▶ [Work to be completed]:
Print the entries exactly as they appear, and omit any images.

Spatial localization data
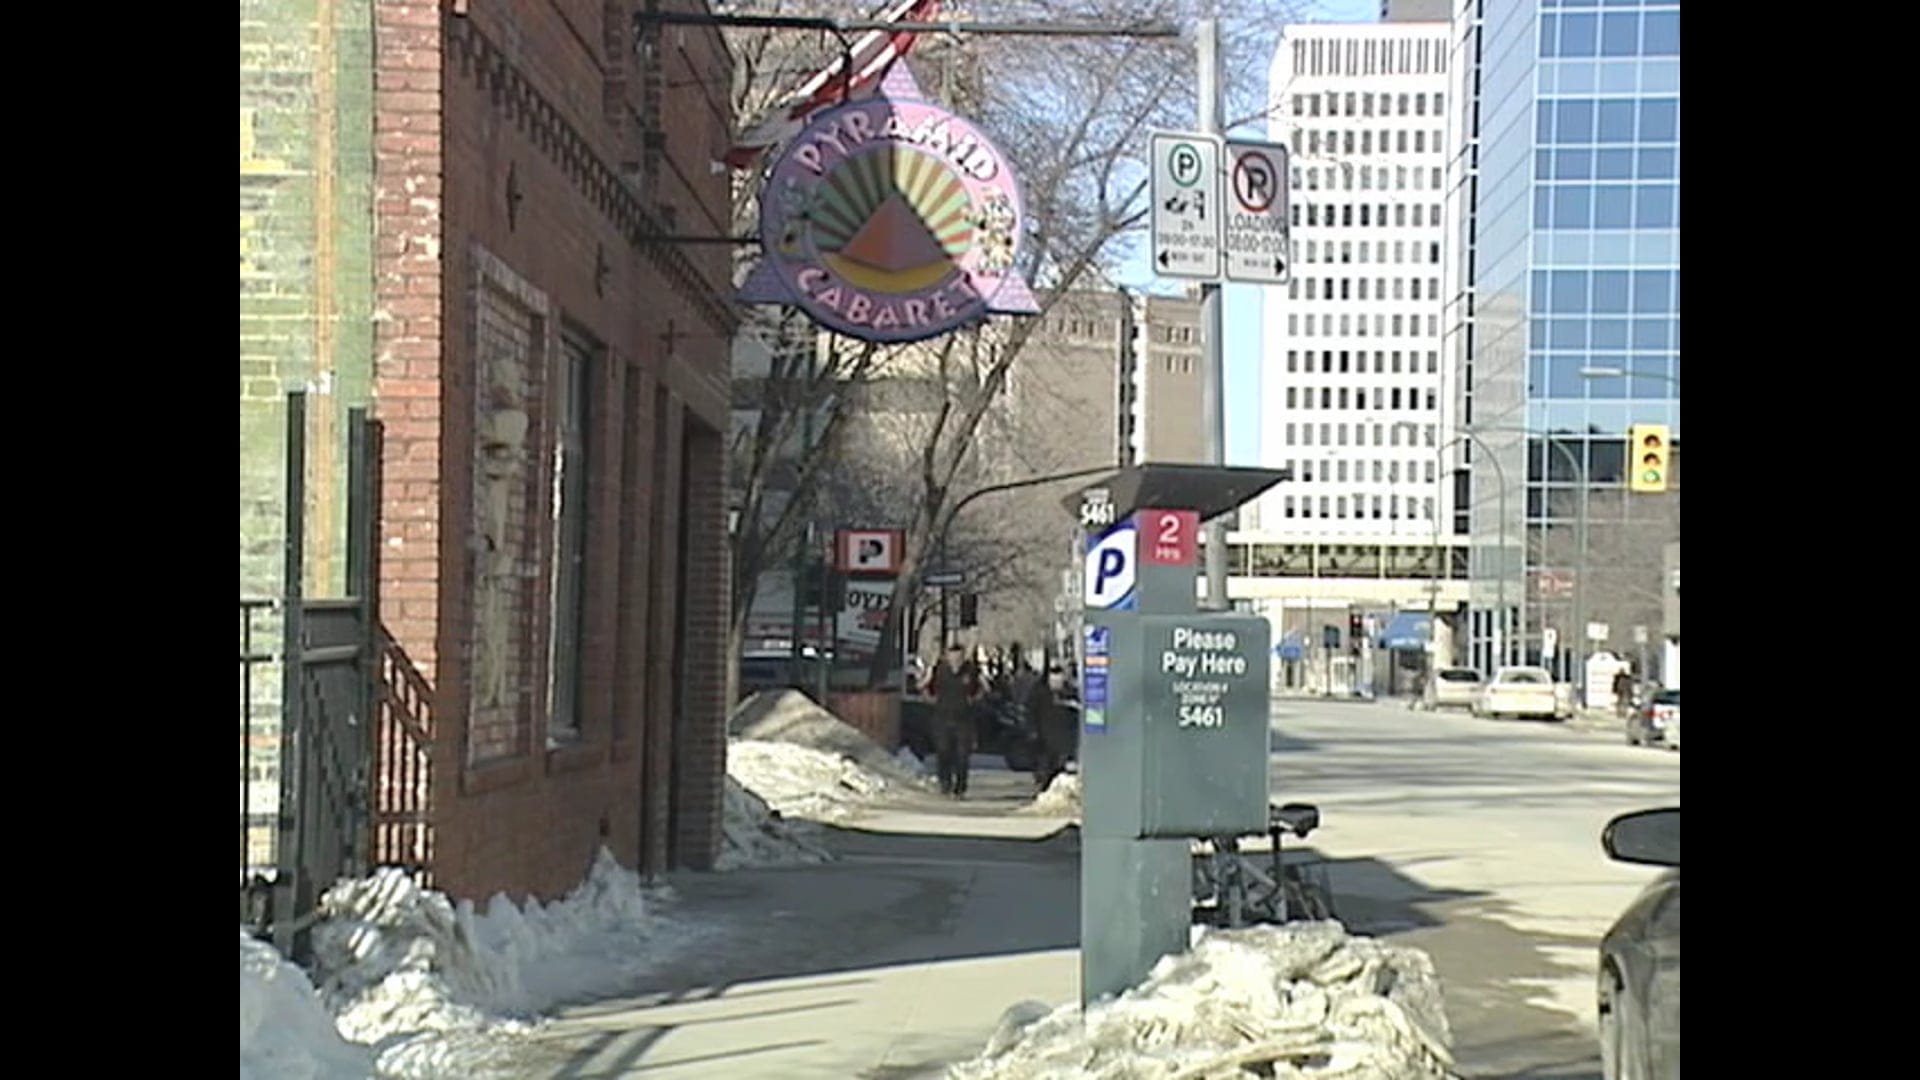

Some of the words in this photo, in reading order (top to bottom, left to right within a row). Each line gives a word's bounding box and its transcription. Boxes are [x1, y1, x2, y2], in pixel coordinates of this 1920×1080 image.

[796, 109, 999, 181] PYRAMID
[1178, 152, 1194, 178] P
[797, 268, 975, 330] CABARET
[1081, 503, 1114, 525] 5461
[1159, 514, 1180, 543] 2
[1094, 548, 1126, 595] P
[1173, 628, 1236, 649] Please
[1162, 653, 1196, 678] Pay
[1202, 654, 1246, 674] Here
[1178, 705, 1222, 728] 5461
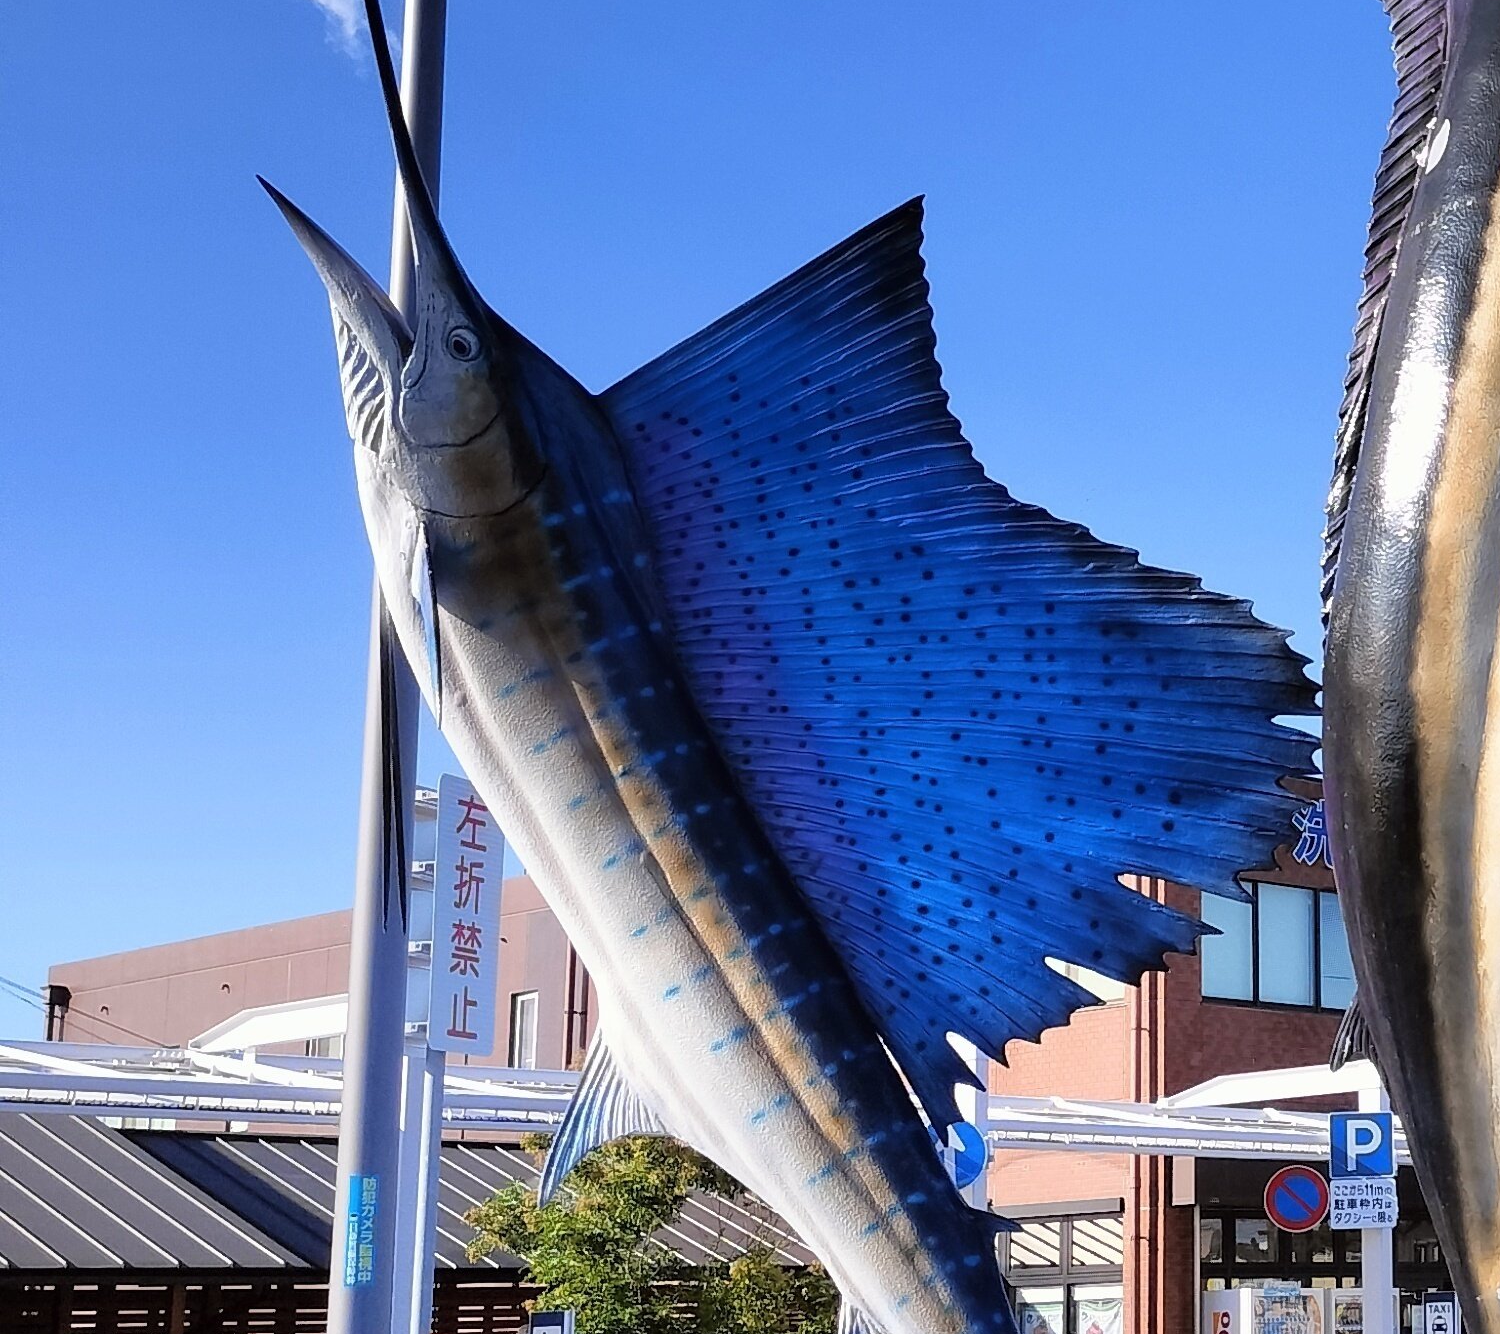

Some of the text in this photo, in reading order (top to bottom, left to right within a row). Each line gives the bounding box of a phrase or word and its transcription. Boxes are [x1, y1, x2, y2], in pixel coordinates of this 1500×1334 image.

▶ [Completed task]:
Some of the words in this photo, in reading order (top to bottom, left to right within a row). Each line gives a word's bounding box and its transcription. Boxes are [x1, y1, x2, y2], in pixel coordinates of this 1920×1080 image.

[796, 109, 999, 181] PYRAMID
[1178, 152, 1194, 178] P
[797, 268, 975, 330] CABARET
[1081, 503, 1114, 525] 5461
[1159, 514, 1180, 543] 2
[1094, 548, 1126, 595] P
[1173, 628, 1236, 649] Please
[1162, 653, 1196, 678] Pay
[1202, 654, 1246, 674] Here
[1178, 705, 1222, 728] 5461

Some of the text in this photo, in reading order (top to bottom, left to right within a row). Each line gives the bounding box of a phrase or word and its transcription. Boxes are [x1, y1, x2, y2], in pixel coordinates of this 1500×1334 image.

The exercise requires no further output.